O pregão do Governo de Pernambuco para manutenção preventiva e corretiva da rede estadual de ensino continua oficialmente em andamento. O painel Tome Conta, do Tribunal de Contas do Estado (TCE-PE), registra o Pregão Eletrônico nº 90096/2026, vinculado ao Processo nº 0153/2026, com valor estimado de R$ 399.453.342,37. O objeto abrange escolas, Gerências Regionais de Educação, o Complexo Santos Dumont, a sede da Secretaria de Educação e unidades de Fernando de Noronha.
A licitação havia sido suspensa cautelarmente pelo TCE-PE após a auditoria apontar inconsistências na estimativa dos quantitativos, repetição padronizada de orçamentos entre lotes de regiões diferentes e risco de contratação acima da necessidade real. Segundo a Corte de Contas, essas falhas poderiam produzir prejuízo continuado e eventual superfaturamento durante um contrato que, no planejamento original, admitia duração de até dez anos. Trata-se de apontamento técnico em fiscalização, e não de condenação ou prova definitiva de desvio.
Em 21 de julho, uma decisão liminar do desembargador Jorge Américo Pereira de Lira, do Tribunal de Justiça de Pernambuco, suspendeu os efeitos da cautelar e permitiu a retomada do certame.

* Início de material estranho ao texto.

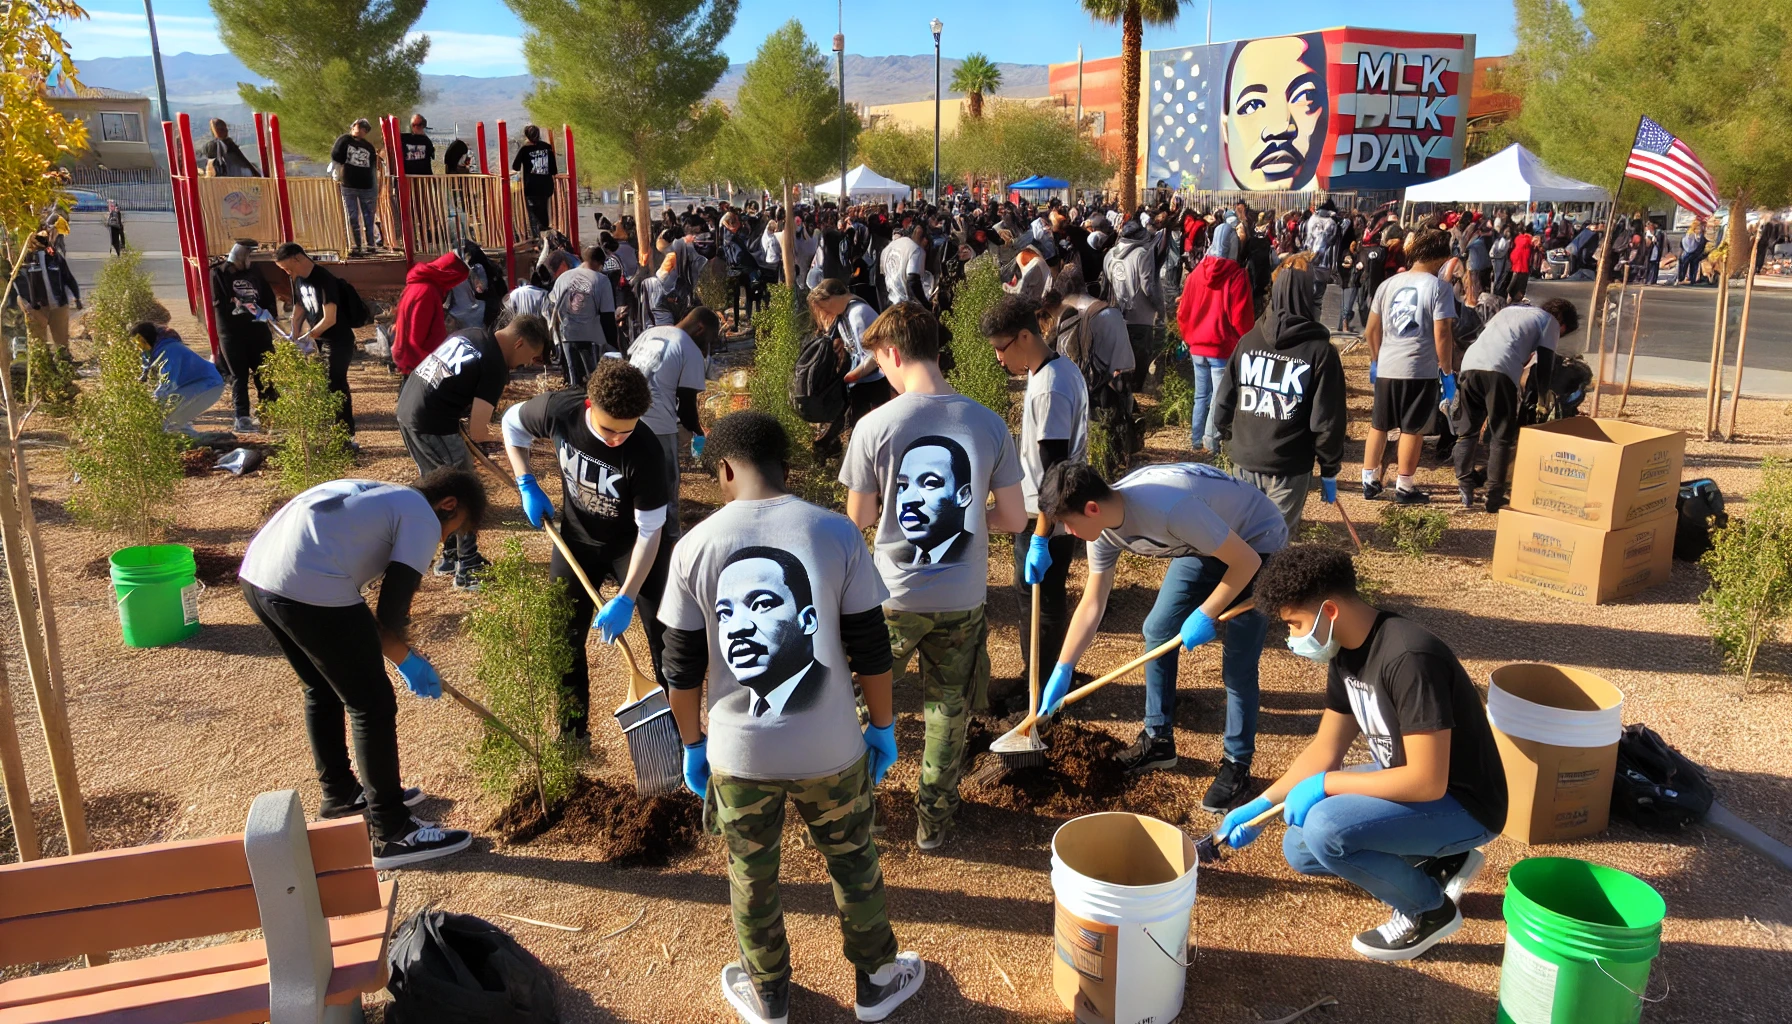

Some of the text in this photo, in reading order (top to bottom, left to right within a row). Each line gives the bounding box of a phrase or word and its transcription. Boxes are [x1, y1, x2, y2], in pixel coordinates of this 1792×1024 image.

[1356, 51, 1449, 94] MLK
[1348, 133, 1442, 174] DAY
[1240, 352, 1311, 395] MLK
[1240, 386, 1299, 420] DAY
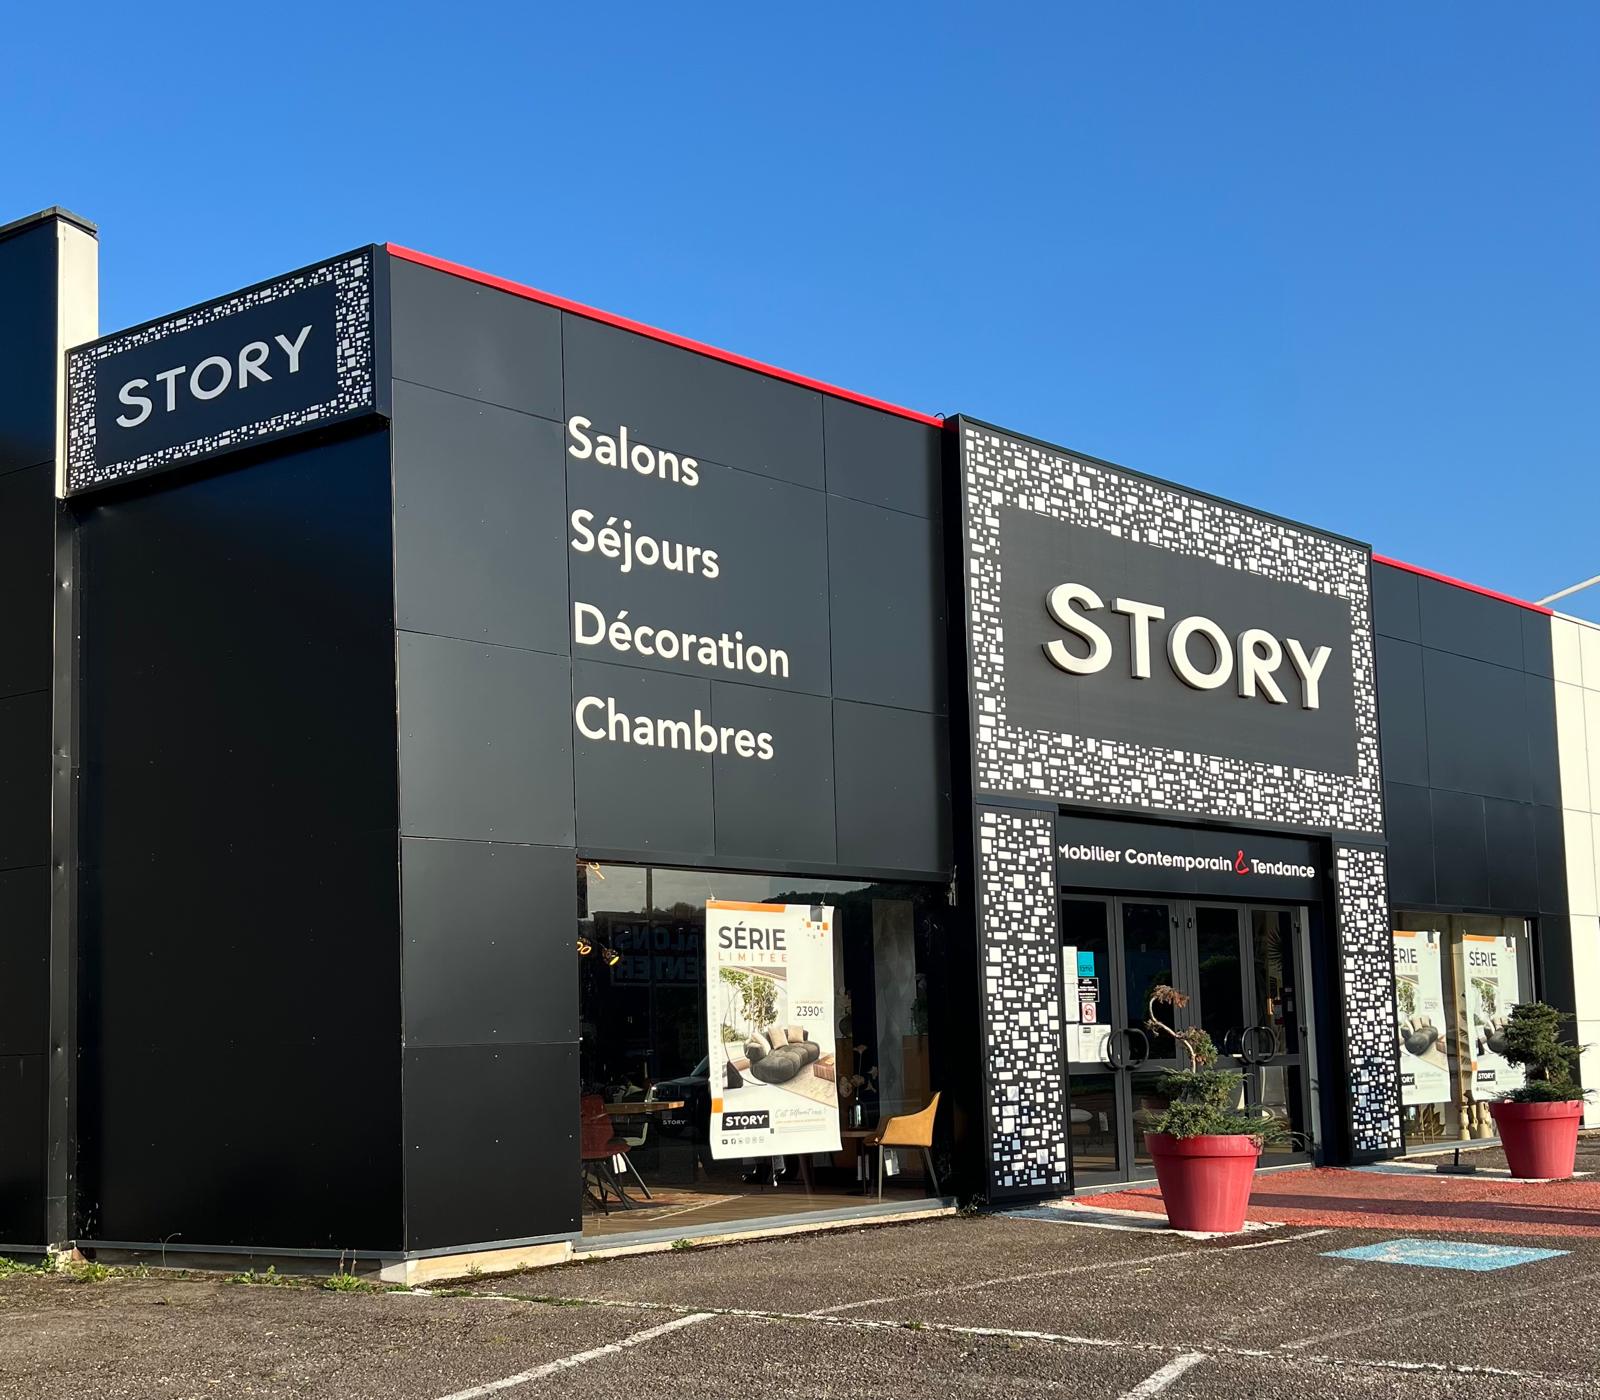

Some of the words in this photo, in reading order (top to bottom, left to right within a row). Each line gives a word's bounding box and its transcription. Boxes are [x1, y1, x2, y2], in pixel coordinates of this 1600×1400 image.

[115, 325, 313, 428] STORY
[568, 415, 699, 486] Salons
[570, 508, 720, 579] Séjours
[574, 601, 789, 678] Décoration
[1042, 582, 1332, 710] STORY
[575, 696, 774, 760] Chambres
[1058, 844, 1121, 863] Mobilier
[1125, 848, 1232, 872] Contemporain
[1234, 850, 1250, 875] &
[1250, 859, 1315, 878] Tendance
[718, 921, 787, 951] SÉRIE
[1469, 947, 1498, 967] SÉRIE
[1477, 1072, 1495, 1080] STORY
[725, 1114, 765, 1127] STORY

A Procuradoria-Geral do Estado, que impetrou o mandado de segurança, sustentou que não estavam presentes os requisitos para manter a paralisação e alegou risco de descontinuidade dos serviços. Com a liminar, o processo pôde seguir para análise das propostas e definição das empresas vencedoras.
O TCE-PE reagiu oficialmente afirmando que a cautelar se baseou em relatórios de auditores de engenharia e foi aprovada por unanimidade na Primeira Câmara e no Pleno. O órgão também contestou o argumento de que a suspensão impediria reparos nas escolas: citou o Acórdão T.C. nº 1296/2026 e decisões judiciais que autorizaram pagamentos de serviços essenciais no contrato vigente. Portanto, a liminar permite o avanço da nova licitação, mas não equivale ao encerramento da fiscalização nem elimina os questionamentos técnicos.
O caso exige transparência reforçada do governo Raquel Lyra. Não há condenação, e a decisão judicial favorável ao Estado é provisória; ao mesmo tempo, permanecem registrados por um órgão de controle alertas sobre quantitativos, lotes e risco de sobrecontratação em uma despesa estimada em quase R$ 400 milhões. Enquanto o processo avança, a obrigação política do governo é publicar as justificativas técnicas, demonstrar a correspondência entre cada lote e a demanda real e permitir que a sociedade acompanhe cada contratação e pagamento.